Went training again today and did legs, wasn't supposed to but I was at a loose end and well I just cant keep out of the gym lately :laugh:

40 minutes Cardio

Dumbell Lunges

10x64kg

10x64kg

8x72kg

Leg Extensions

14x97.5kg

12x97.5kg (this is the stack so I am trianing to failure here)

SLDL

15x72kg (Upping the weight, lowering the reps slowly)

Stretching

Swiss Ball Crunches

2x30

Forgot to do calves??? :confused1: :whistling: wtf!

Swimming 10 lengths

SD


----------



## MissBC (Apr 29, 2008)

SportDr said:


> I just cant keep out of the gym lately :laugh:
> 
> SD


wonder why YOU SLUT......................... :innocent:


----------



## SD (Sep 3, 2004)

MissBC said:


> wonder why YOU SLUT......................... :innocent:


Ouch thats a strong word!! I prefer man whore :thumb: anyway I am just trying to find someone to cuddle over crimbo *sobs* its not all about making sexy time... :whistling:

SD


----------



## MissBC (Apr 29, 2008)

SportDr said:


> Ouch thats a strong word!! I prefer man whore :thumb: anyway I am just trying to find someone to cuddle over crimbo *sobs* its not all about making sexy time... :whistling:
> 
> SD


awwww you know i lufs ya.....ok SLUTTY MAN WHORE it is!!

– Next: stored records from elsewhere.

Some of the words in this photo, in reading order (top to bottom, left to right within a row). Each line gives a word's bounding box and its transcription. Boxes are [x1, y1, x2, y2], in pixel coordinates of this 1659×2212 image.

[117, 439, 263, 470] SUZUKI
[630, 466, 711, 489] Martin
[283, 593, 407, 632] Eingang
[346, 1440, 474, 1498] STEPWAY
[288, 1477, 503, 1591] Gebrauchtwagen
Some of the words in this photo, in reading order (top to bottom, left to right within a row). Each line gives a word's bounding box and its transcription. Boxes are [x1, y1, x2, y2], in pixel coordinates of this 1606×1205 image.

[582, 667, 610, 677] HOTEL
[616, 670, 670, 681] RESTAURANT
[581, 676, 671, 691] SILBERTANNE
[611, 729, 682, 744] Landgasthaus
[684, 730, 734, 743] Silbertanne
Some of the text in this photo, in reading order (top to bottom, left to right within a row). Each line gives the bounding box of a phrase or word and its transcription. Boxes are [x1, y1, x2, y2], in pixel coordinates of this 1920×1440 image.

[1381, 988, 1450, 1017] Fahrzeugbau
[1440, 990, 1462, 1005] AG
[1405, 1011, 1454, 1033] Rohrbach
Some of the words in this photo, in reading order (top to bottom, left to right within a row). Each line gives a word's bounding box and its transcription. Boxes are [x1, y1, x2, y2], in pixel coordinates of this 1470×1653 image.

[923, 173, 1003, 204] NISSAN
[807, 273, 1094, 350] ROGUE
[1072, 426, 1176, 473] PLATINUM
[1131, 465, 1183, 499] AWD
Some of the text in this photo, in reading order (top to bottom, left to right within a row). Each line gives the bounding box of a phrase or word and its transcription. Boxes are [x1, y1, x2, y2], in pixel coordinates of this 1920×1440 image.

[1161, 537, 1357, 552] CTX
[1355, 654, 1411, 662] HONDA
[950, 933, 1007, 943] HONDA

hmmmmmmmmm yes snuggles are the best when its cold out hmmmm actually when its not cold too!!!! :whistling:


----------



## SD (Sep 3, 2004)

Yay my journal wasn't violated with scatporn!! actually I feel left out like he deliberately didnt violate my journal...bugger!

weighed in at 104.5kg this am

SD


----------



## ElfinTan (May 23, 2008)

HOW could you forget calves......start with them then you won't forget them!!!! Bad boy!


----------



## SD (Sep 3, 2004)

ElfinTan said:


> HOW could you forget calves......start with them then you won't forget them!!!! Bad boy!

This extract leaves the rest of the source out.